> _SUPPLIED RECORDS_:

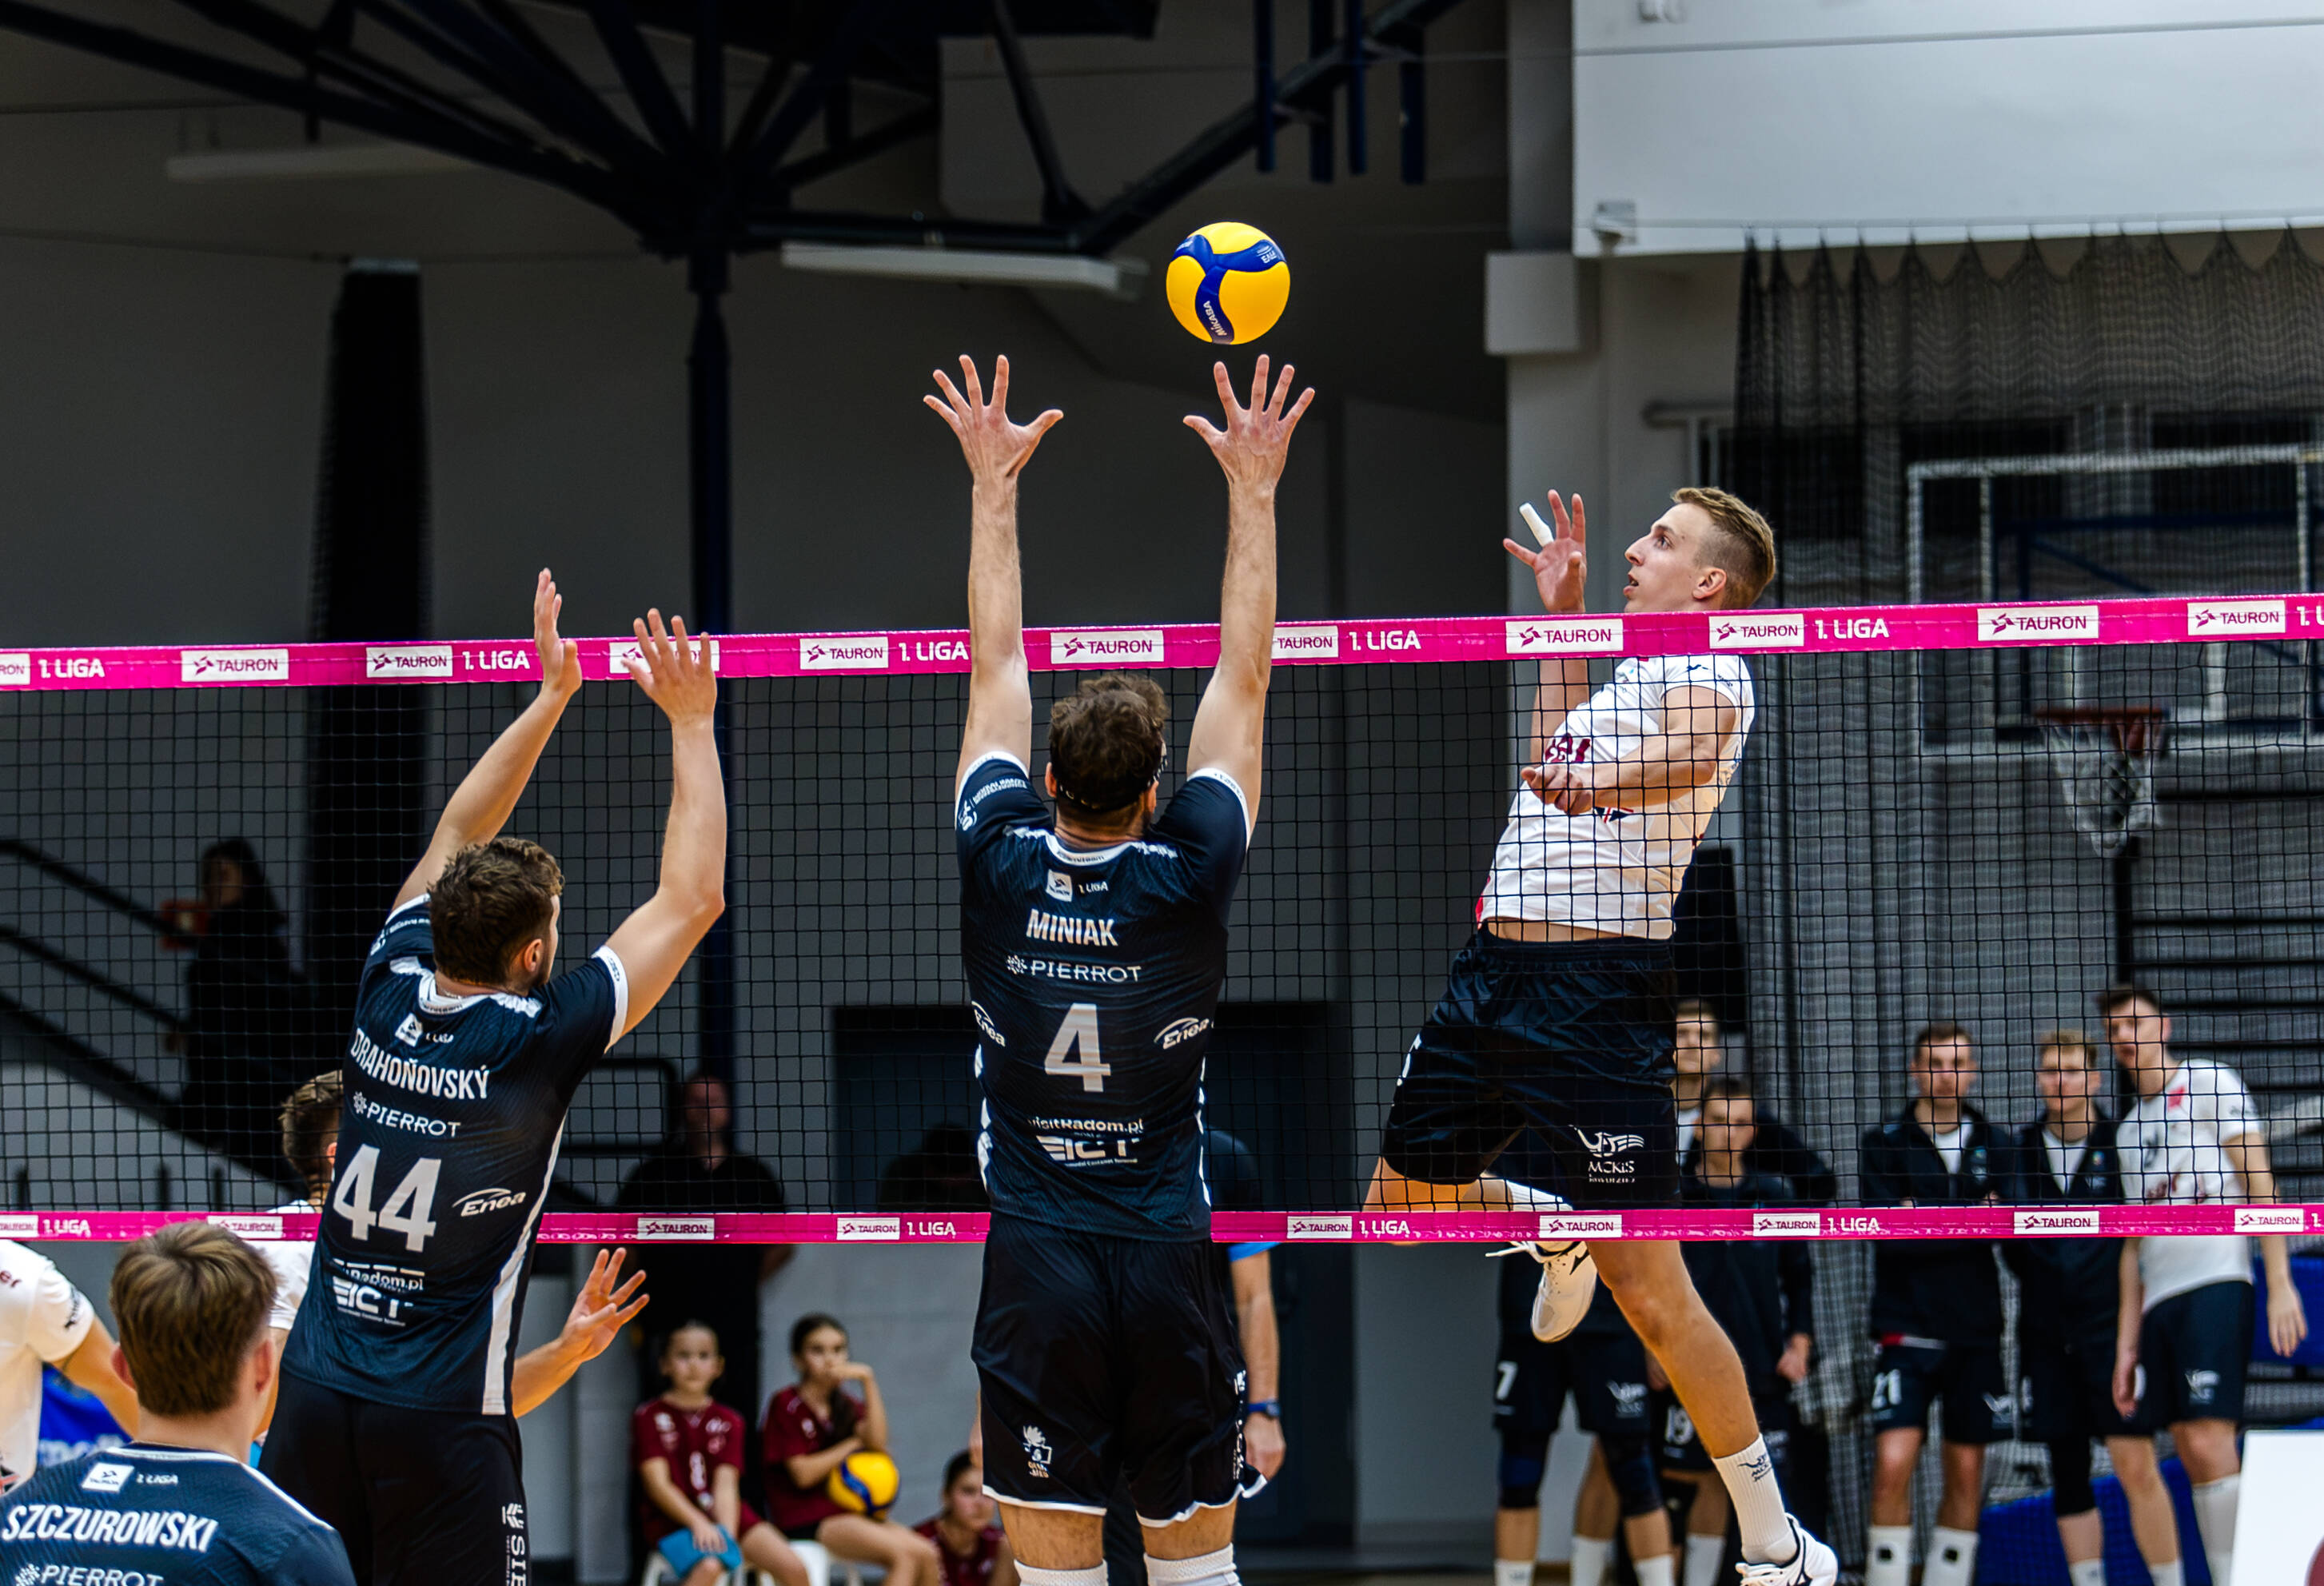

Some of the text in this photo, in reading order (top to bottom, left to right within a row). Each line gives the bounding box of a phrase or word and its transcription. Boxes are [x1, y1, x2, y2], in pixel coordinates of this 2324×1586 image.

[1742, 625, 1799, 639] TAURON
[1833, 618, 1890, 639] LIGA
[2015, 616, 2087, 632] TAURON
[2219, 612, 2280, 625] TAURON
[1278, 636, 1333, 649] TAURON
[1366, 630, 1421, 651] LIGA
[1543, 628, 1612, 644] TAURON
[829, 647, 883, 661] TAURON
[916, 640, 969, 661] LIGA
[1087, 640, 1152, 655] TAURON
[0, 664, 24, 675] RON
[54, 658, 106, 679] LIGA
[216, 660, 278, 673] TAURON
[395, 656, 448, 669] TAURON
[479, 650, 531, 671] LIGA
[1026, 908, 1118, 946] MINIAK
[1030, 959, 1142, 982] PIERROT
[1044, 1002, 1111, 1093] 4
[350, 1026, 490, 1100] DRAHOŇOVSKÝ
[367, 1102, 461, 1138] PIERROT
[333, 1143, 442, 1253] 44
[54, 1219, 92, 1238] LIGA
[231, 1222, 276, 1233] TAURON
[662, 1224, 708, 1234] TAURON
[857, 1225, 897, 1234] TAURON
[919, 1221, 957, 1237] LIGA
[1309, 1223, 1349, 1232] TAURON
[1371, 1220, 1410, 1236] LIGA
[1565, 1221, 1613, 1231] TAURON
[1774, 1220, 1816, 1229] TAURON
[1840, 1217, 1880, 1232] LIGA
[2041, 1217, 2091, 1229] TAURON
[2257, 1216, 2299, 1225] TAURON
[1496, 1361, 1518, 1401] 7
[1, 1504, 219, 1553] SZCZUROWSKI
[40, 1564, 164, 1586] PIERROT

> _WORK TASK_:
Print the material precisely as given, dropping any images it holds.

> _ANSWER TO THIS EXERCISE_:
Some of the text in this photo, in reading order (top to bottom, left to right within a row). Each line gives the bounding box of a phrase or word and its transcription. Boxes are [x1, y1, x2, y2], in pixel coordinates of this 2324×1586 image.

[1742, 625, 1799, 639] TAURON
[1833, 618, 1890, 639] LIGA
[2015, 616, 2087, 632] TAURON
[2219, 612, 2280, 625] TAURON
[1278, 636, 1333, 649] TAURON
[1366, 630, 1421, 651] LIGA
[1543, 628, 1612, 644] TAURON
[829, 647, 883, 661] TAURON
[916, 640, 969, 661] LIGA
[1087, 640, 1152, 655] TAURON
[0, 664, 24, 675] RON
[54, 658, 106, 679] LIGA
[216, 660, 278, 673] TAURON
[395, 656, 448, 669] TAURON
[479, 650, 531, 671] LIGA
[1026, 908, 1118, 946] MINIAK
[1030, 959, 1142, 982] PIERROT
[1044, 1002, 1111, 1093] 4
[350, 1026, 490, 1100] DRAHOŇOVSKÝ
[367, 1102, 461, 1138] PIERROT
[333, 1143, 442, 1253] 44
[54, 1219, 92, 1238] LIGA
[231, 1222, 276, 1233] TAURON
[662, 1224, 708, 1234] TAURON
[857, 1225, 897, 1234] TAURON
[919, 1221, 957, 1237] LIGA
[1309, 1223, 1349, 1232] TAURON
[1371, 1220, 1410, 1236] LIGA
[1565, 1221, 1613, 1231] TAURON
[1774, 1220, 1816, 1229] TAURON
[1840, 1217, 1880, 1232] LIGA
[2041, 1217, 2091, 1229] TAURON
[2257, 1216, 2299, 1225] TAURON
[1496, 1361, 1518, 1401] 7
[1, 1504, 219, 1553] SZCZUROWSKI
[40, 1564, 164, 1586] PIERROT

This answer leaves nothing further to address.